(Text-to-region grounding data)
◇ ◇ ◇

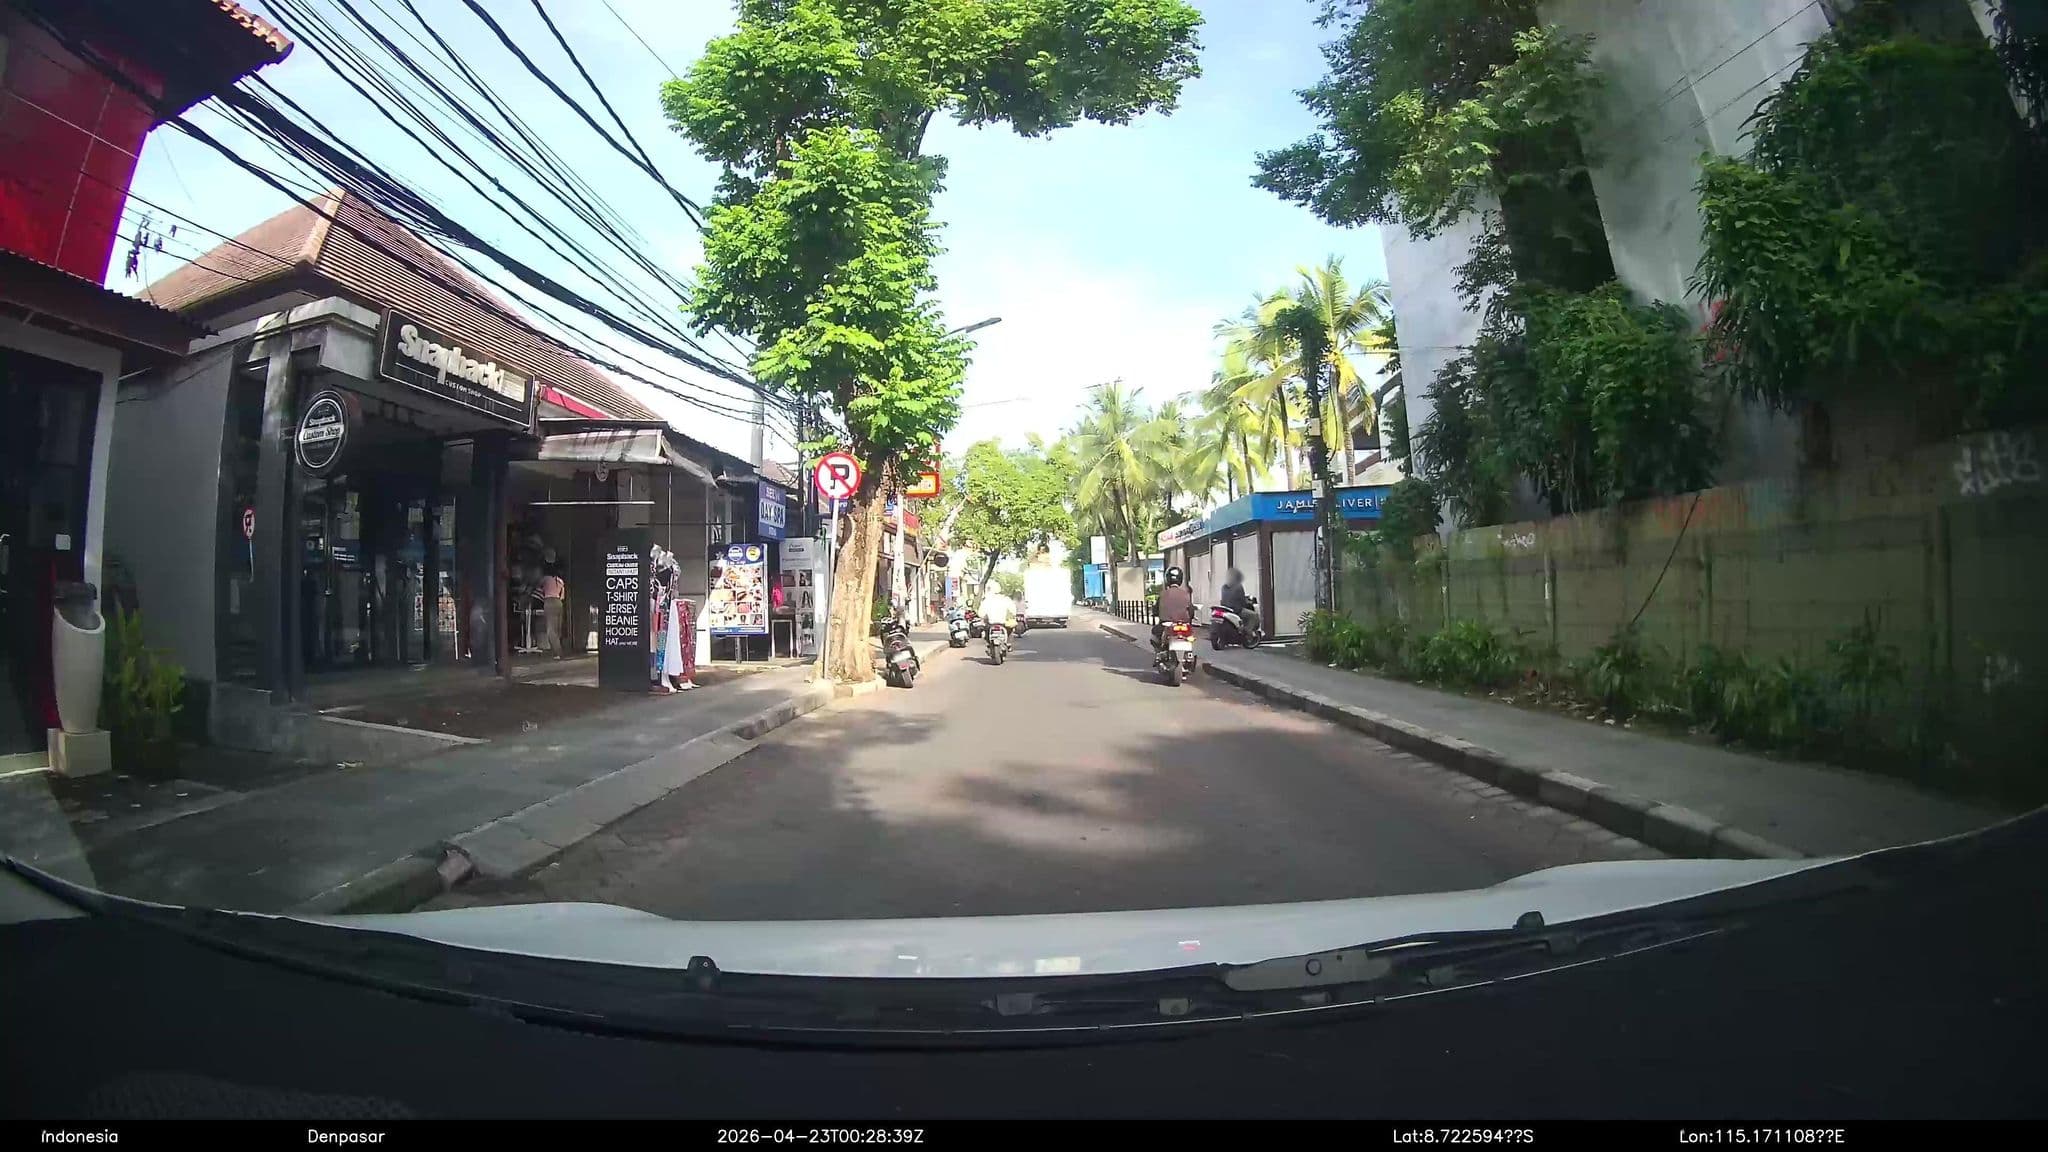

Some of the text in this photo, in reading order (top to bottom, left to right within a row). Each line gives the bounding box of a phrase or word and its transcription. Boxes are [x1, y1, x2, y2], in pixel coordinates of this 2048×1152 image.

[445, 379, 468, 394] CUSTOM
[760, 502, 785, 527] DAY SPA
[606, 577, 639, 590] CAPS
[606, 591, 639, 602] T-SHIRT
[606, 603, 638, 614] JERSEY
[605, 615, 639, 626] BEANIE
[605, 627, 639, 636] HOODIE
[605, 637, 619, 646] HAT

◇ ◇ ◇

- _Task instructions_: Repeat the entries exactly, pictures left out.

- _Answer space_:
Some of the text in this photo, in reading order (top to bottom, left to right within a row). Each line gives the bounding box of a phrase or word and its transcription. Boxes are [x1, y1, x2, y2], in pixel coordinates of this 2048×1152 image.

[445, 379, 468, 394] CUSTOM
[760, 502, 785, 527] DAY SPA
[606, 577, 639, 590] CAPS
[606, 591, 639, 602] T-SHIRT
[606, 603, 638, 614] JERSEY
[605, 615, 639, 626] BEANIE
[605, 627, 639, 636] HOODIE
[605, 637, 619, 646] HAT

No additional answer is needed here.